Big Data Cloud platform Greenplum: multi-tenant articles

 

 

Greenplum MPP is the best open source database, after 15 years of development, from the data warehouse evolved into the era of big data cloud over the platform.

This series of articles will introduce Greenplum support for all aspects of the cloud. Benpian focus on multi-tenant.

1. What is multi-tenant

It refers to a multi-tenant system can support multiple tenants. A tenant is usually a group of users with similar access mode and permissions, typical tenant is several users in the same organization or company.

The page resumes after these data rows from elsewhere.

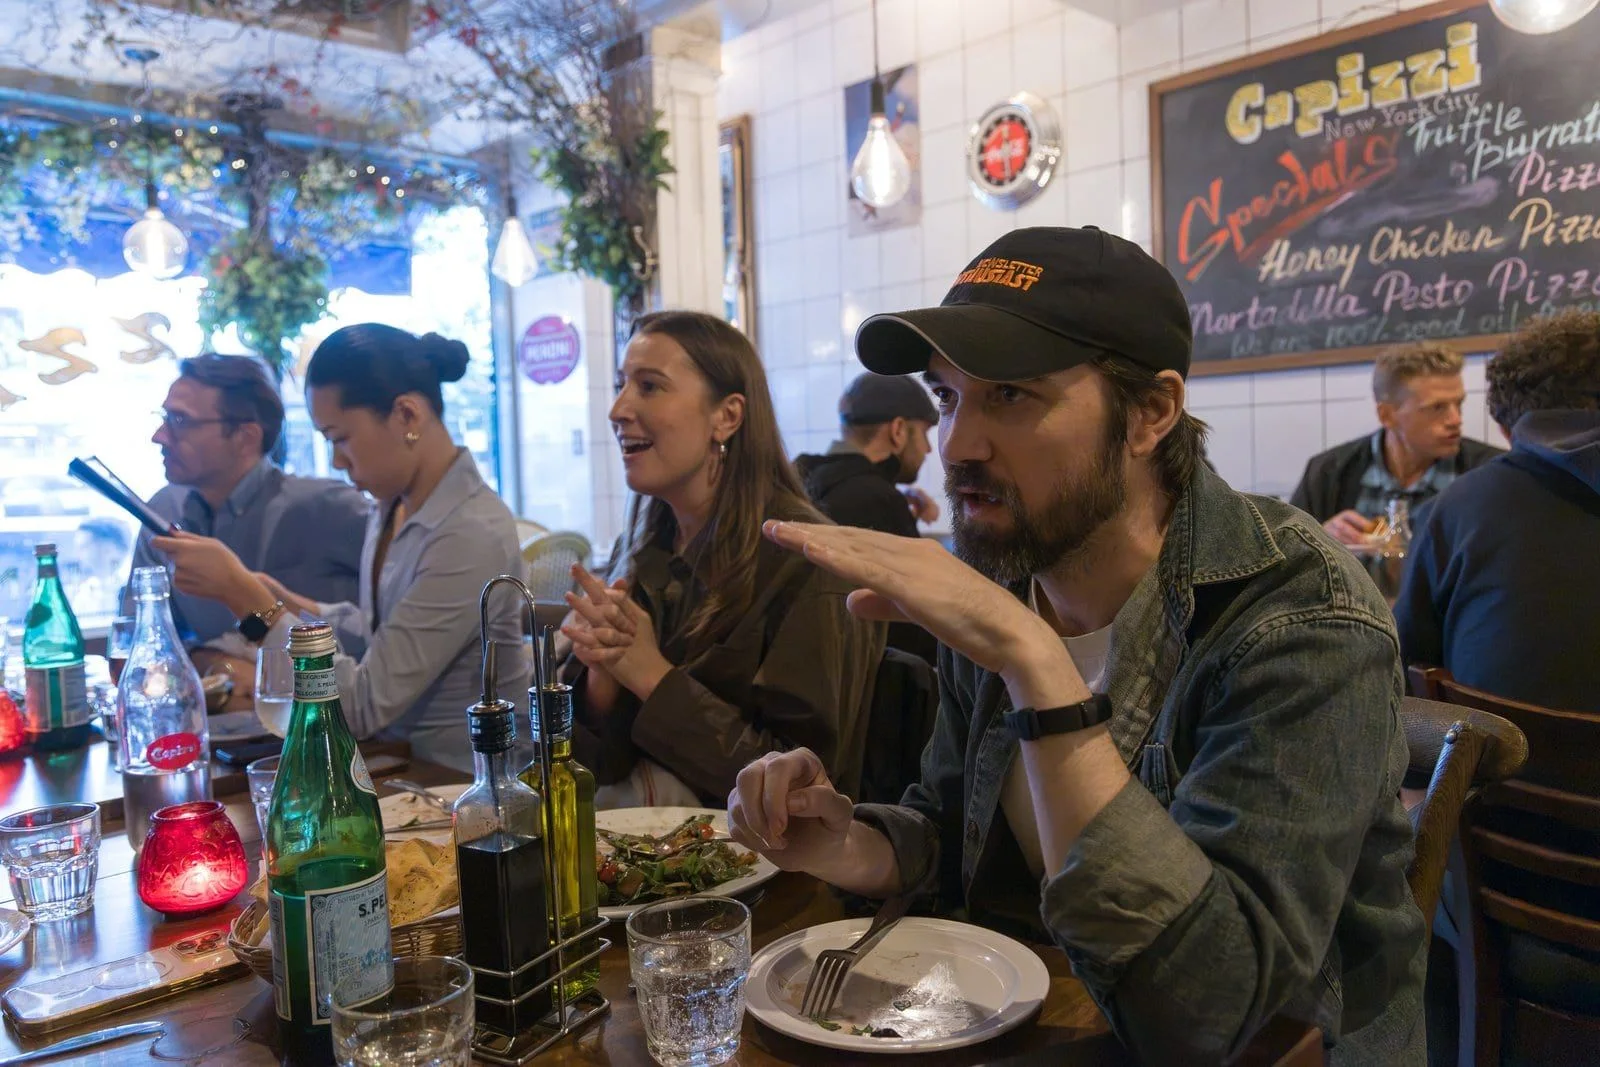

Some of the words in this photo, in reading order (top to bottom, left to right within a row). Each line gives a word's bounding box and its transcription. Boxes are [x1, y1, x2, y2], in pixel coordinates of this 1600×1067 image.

[1225, 21, 1481, 144] Capizzi
[1323, 114, 1376, 142] New
[1381, 101, 1434, 128] York
[1434, 92, 1481, 116] City
[1406, 102, 1527, 156] Truffle
[1508, 150, 1600, 197] Pizz
[1258, 238, 1361, 292] Honey
[1368, 220, 1505, 265] Chicken
[1372, 270, 1474, 313] Pesto

To achieve multi-tenancy, you first need to consider is the multi-tenant data level. Multi-tenant model data layer has a prominent effect on the upper multi-tenant services and applications to achieve. This article focuses on the data layer multi-tenancy and Greenplum database support for various multi-tenant model.

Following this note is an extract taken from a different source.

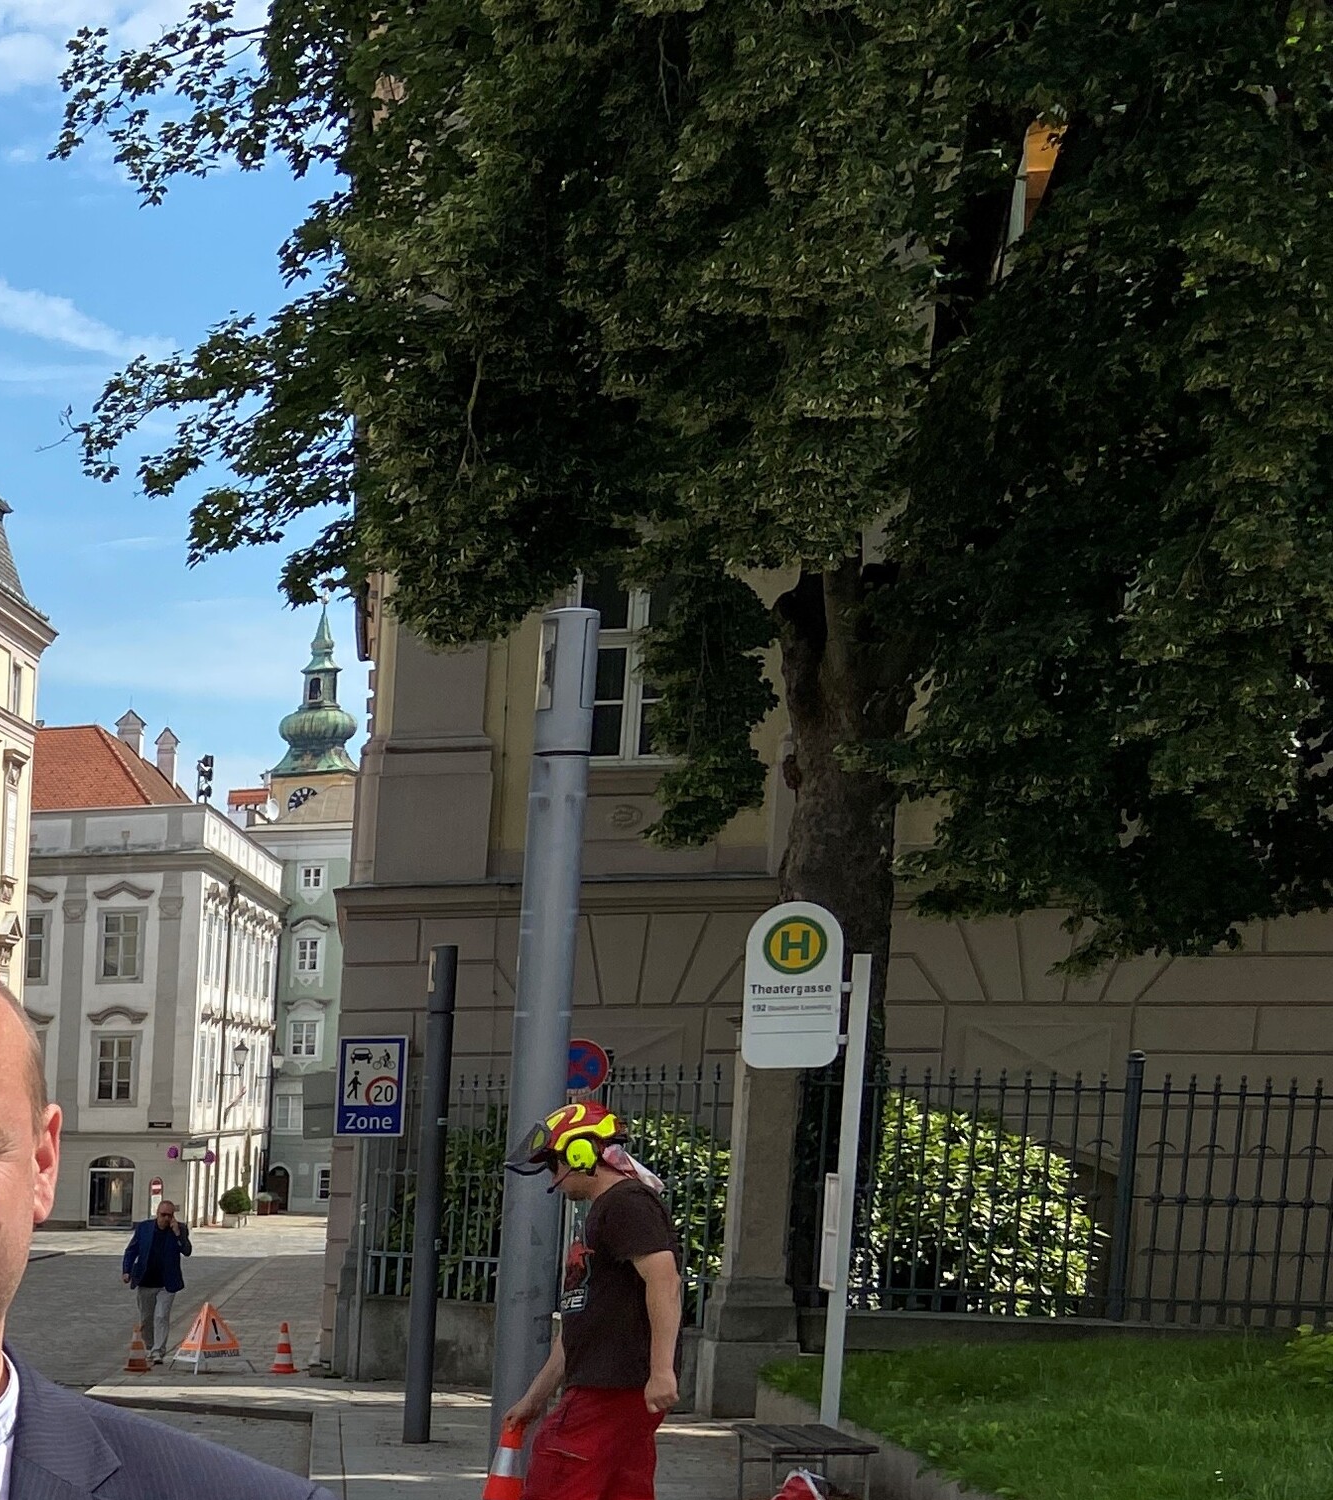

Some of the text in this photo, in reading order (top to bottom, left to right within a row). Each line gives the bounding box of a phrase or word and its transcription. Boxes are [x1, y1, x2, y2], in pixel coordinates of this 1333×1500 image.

Weighing different implementations of multi-tenancy, consider the following factors:

  • Scalability: Tenant number of levels, as well as future trends
  • Security: Data isolation levels between tenant requirements
  • Resource Sharing: multi-tenant usually has some form of sharing of resources, the need to avoid a bad tenant SQL eat system resources and affect the response time of other tenants
  • Flexibility: different tenants may have different needs, scalability demand for specific tenants
  • Cross tenants analysis and optimization: for all tenant or multiple tenants and behavior data analysis capabilities
  • Operation and maintenance and management: the complexity of cheap and operation and maintenance management, including monitoring, modifying the database schema, create an index, collect statistics, data loading, etc.
  • Cost: total cost of ownership, including program implementation costs, operation and maintenance costs, etc.

2. Multi-tenant model

Multi-tenant model describes the mapping between the tenant and the tenant's data. Different multi-tenant model will affect the design, management and maintenance of databases and applications.

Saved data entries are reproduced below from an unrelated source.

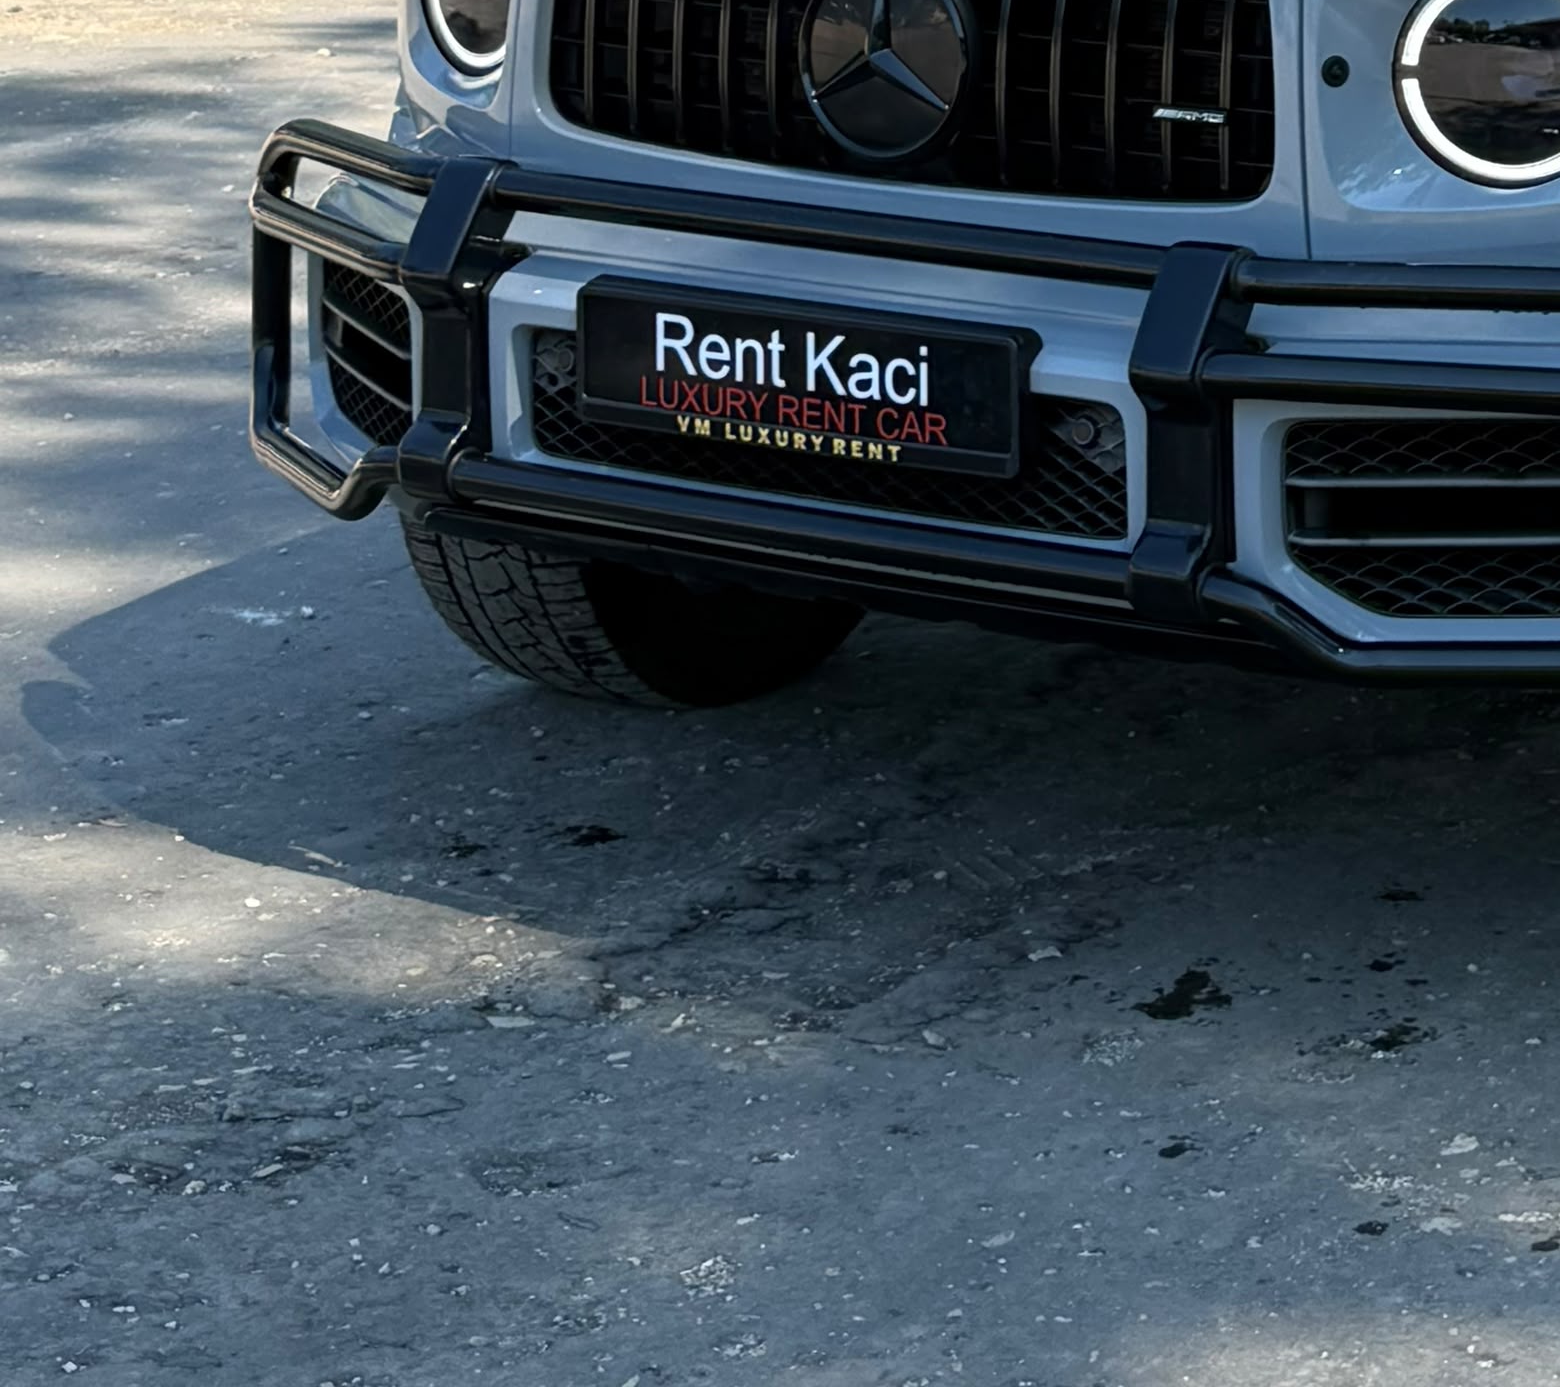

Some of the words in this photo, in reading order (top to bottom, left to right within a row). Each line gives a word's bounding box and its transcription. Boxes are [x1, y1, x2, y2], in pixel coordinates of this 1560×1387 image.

[655, 312, 786, 388] Rent
[806, 331, 929, 407] Kaci
[640, 375, 770, 422] LUXURY
[778, 395, 867, 435] RENT
[876, 407, 948, 446] CAR
[676, 415, 712, 437] VM
[725, 420, 822, 453] LUXURY
[832, 439, 902, 462] RENT

Using more multi-tenant model, there are three. Greenplum these three models have excellent support.

2.1 a tenant a database

The easiest way to achieve multi-tenant Greenplum is to create a cluster for each tenant, as shown below. Each application is assigned a tenant tenant id, and configure the appropriate connection information database (a database including ip, port, etc.) for each tenant. The application connects to the database assigned according to the tenant id.

This data model different tenants physical isolation, high security level. If each tenant Greenplum clusters use different hardware, the use of resources between them is physically separated; if tenants Greenplum cluster share the same set of hardware, you need proper resource allocation and management, to avoid interaction. Due to different tenants use a separate database, flexibility, and easy to meet the specific needs of different tenants (such as the need for additional fields). Influence facets case of failure. The disadvantage is that a large number of databases, maintenance complexity, high cost of ownership. Suitable relatively small number of tenants scene.

2.2 a tenant a namespace (Schema / Namespace)

Multiple tenants share the same database, each tenant has a separate name space (or mode). Each application is assigned a tenant id, and all the operating limits for each tenant in the assigned namespace / mode. As shown below.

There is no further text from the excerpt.